Records for the exercise: Begin

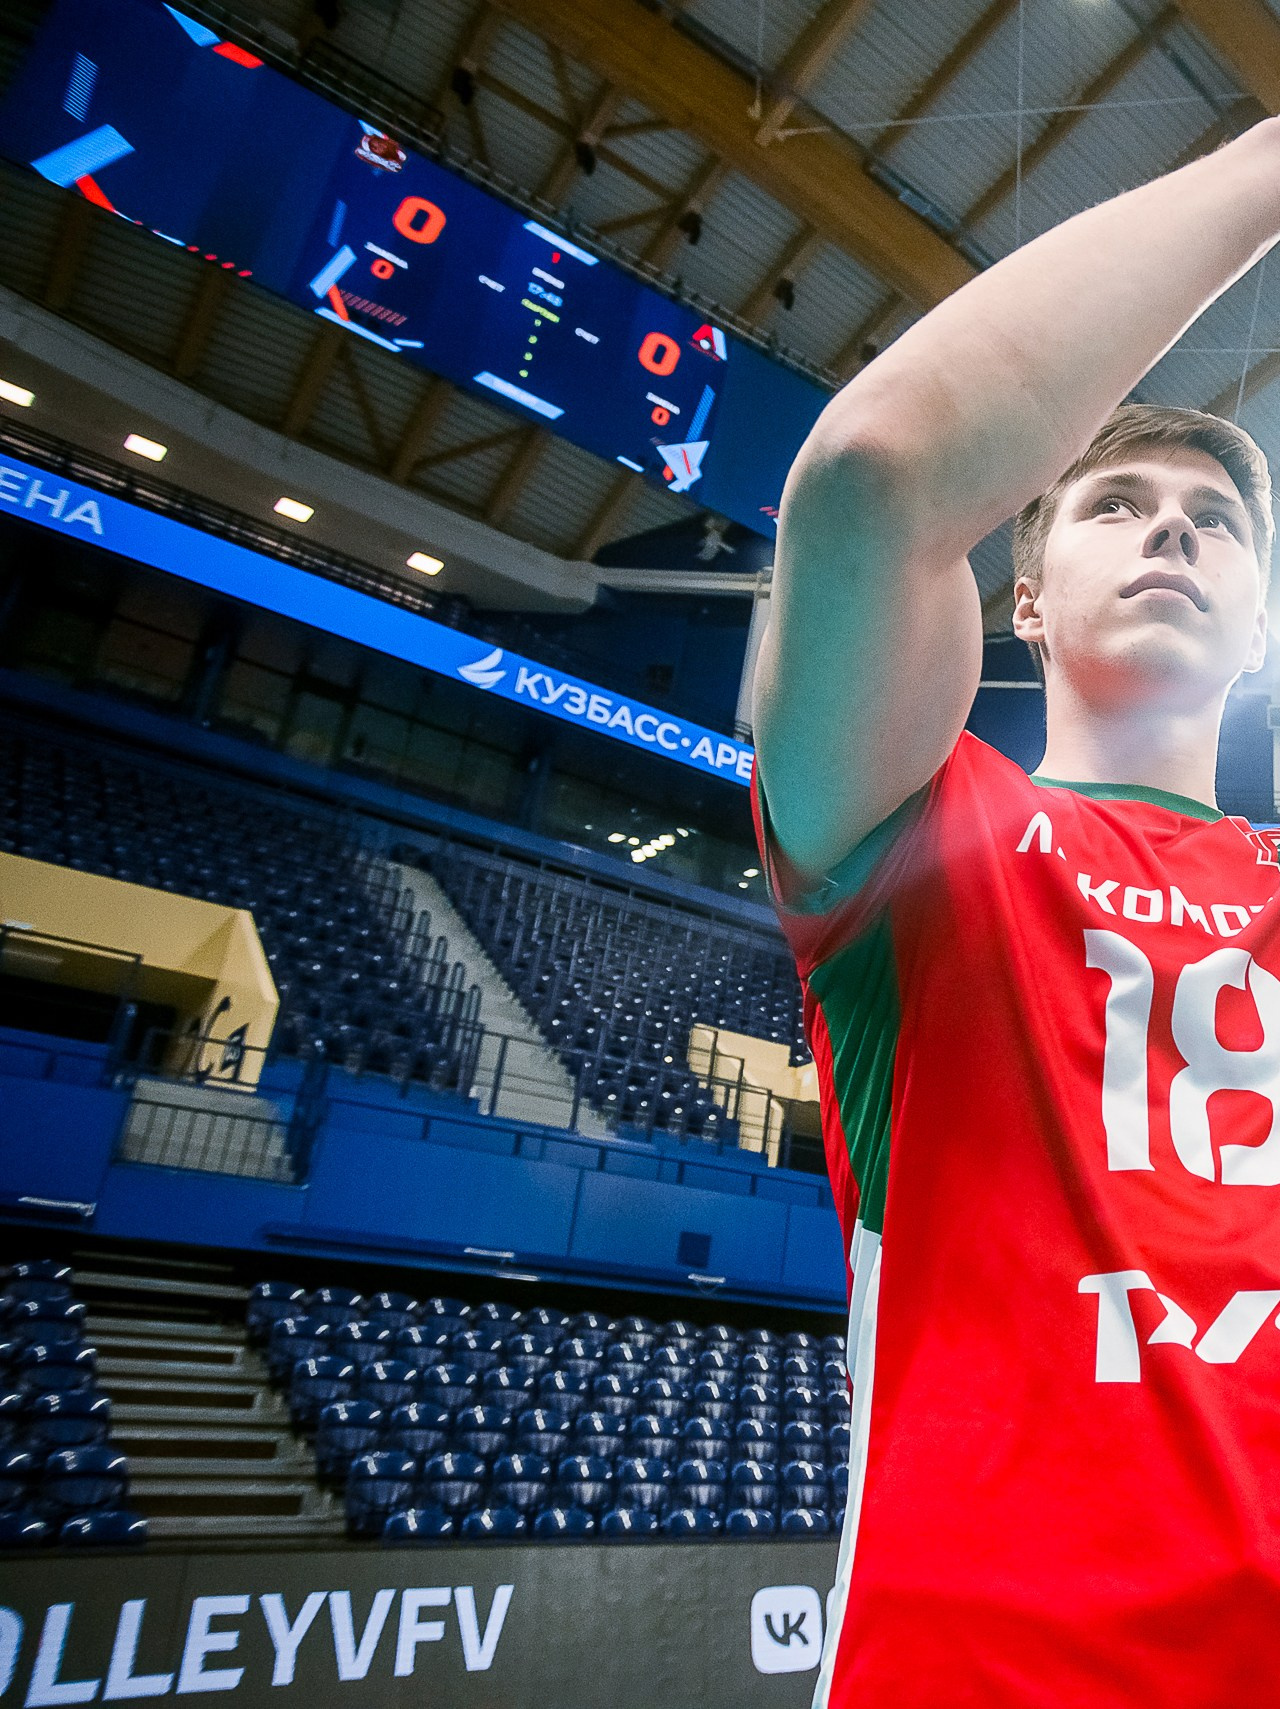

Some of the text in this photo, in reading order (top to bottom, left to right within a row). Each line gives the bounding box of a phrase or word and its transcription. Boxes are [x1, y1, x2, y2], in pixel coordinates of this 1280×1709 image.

[393, 196, 446, 244] 0
[370, 258, 395, 280] 0
[638, 332, 681, 376] 0
[651, 405, 670, 426] 0

Records for the exercise: End

Your instructions ->
Copy every record above exactly, leaving out the pictures.

Expected output ->
Some of the text in this photo, in reading order (top to bottom, left to right within a row). Each line gives the bounding box of a phrase or word and its transcription. Boxes are [x1, y1, x2, y2], in pixel coordinates of this 1280×1709 image.

[393, 196, 446, 244] 0
[370, 258, 395, 280] 0
[638, 332, 681, 376] 0
[651, 405, 670, 426] 0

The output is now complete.